Week 11: Diary of a Worm (By Doreen Cronin) – This is the hilarious story of a worm who keeps a diary of daily events.  We’ll play with perspective for this project and imagine ourselves as someone or something else and keep a diary from that point of view (maybe a pet, a parent or a sibling J)  Focus:  Point of View (Creative Writing)

Week 12:  ThePlot Chickens (By Mary Jane and Herm Auch) – As Henrietta Chicken begins to type her story (hunt and peck system, of course) students will learn the seven cardinal rules of creating a story from finding a main character to developing a plot to making your story come alive by using all five senses.  We’ll write our own stories following her advice.  Focus:  Plot, Details (Narrative Writing)
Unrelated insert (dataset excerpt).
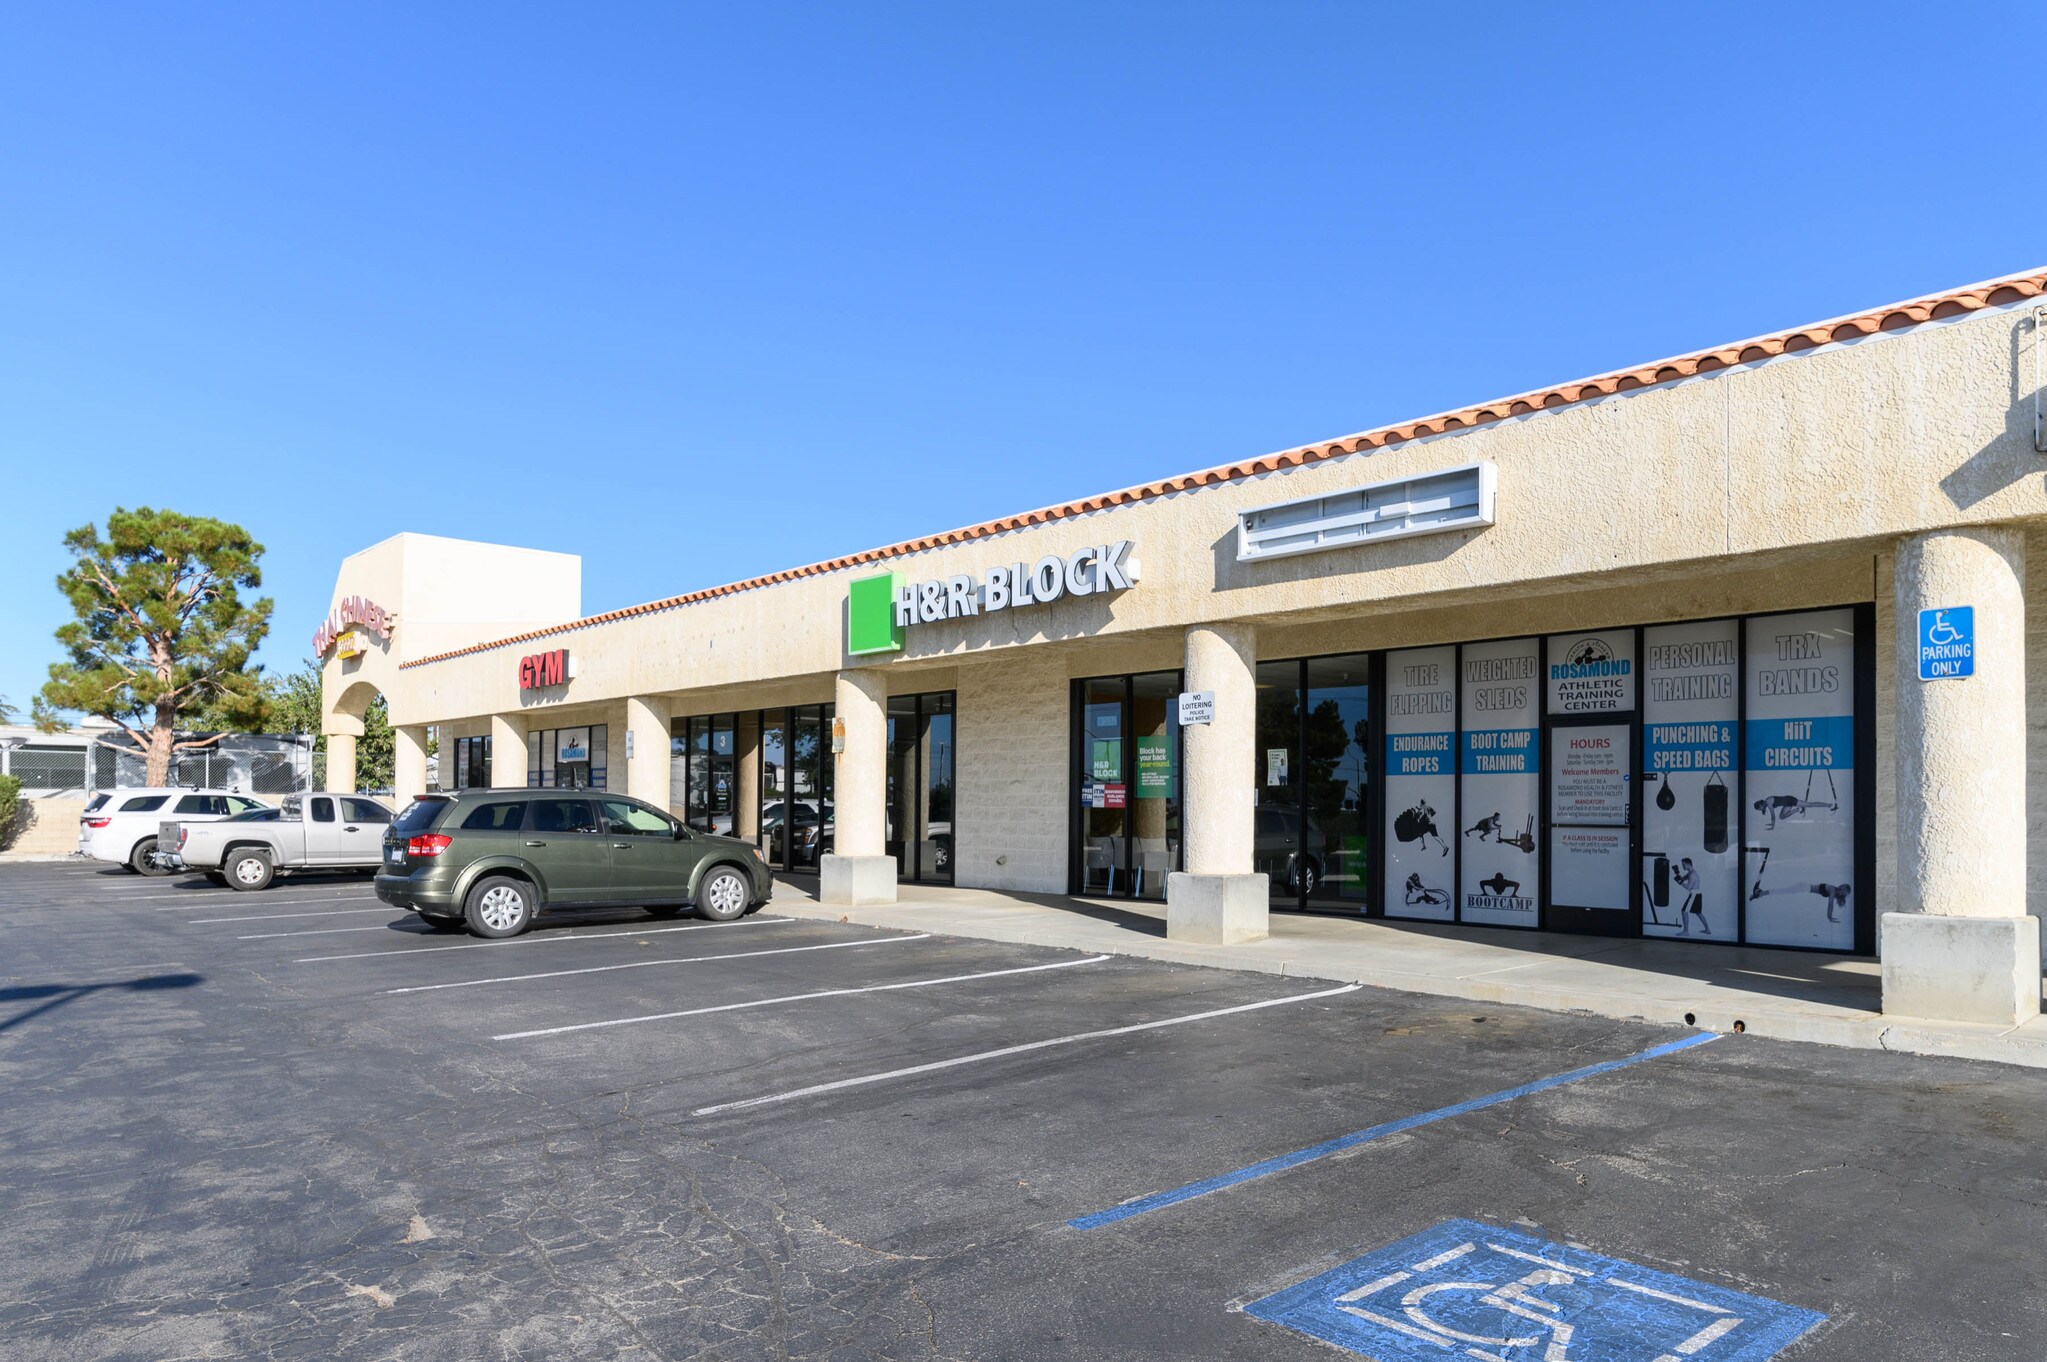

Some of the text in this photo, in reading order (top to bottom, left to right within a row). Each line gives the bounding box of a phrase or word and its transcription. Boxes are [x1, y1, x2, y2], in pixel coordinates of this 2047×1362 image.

Week 13:  NothingEver Happens on 90th Street (By Ronni Schotter) - The main character in this inspiring picture book is searching for something to write about as passing residents share words of wisdom: watch carefully, don't neglect details, use words in new ways, stretch the truth if necessary, make something happen.  She follows their advice and so will we as take on a similar writing task.  Focus:  Invention & Word Choice (Descriptive/Narrative Writing)

Week 14:  Portfolio Preparation.  Today we’ll celebrate our last day of class by assembling and artistically illustrating our semester portfolios.  Students will treasure their collection of stories and other writings from our class and will be eager to share and show them off at our End of Semester show.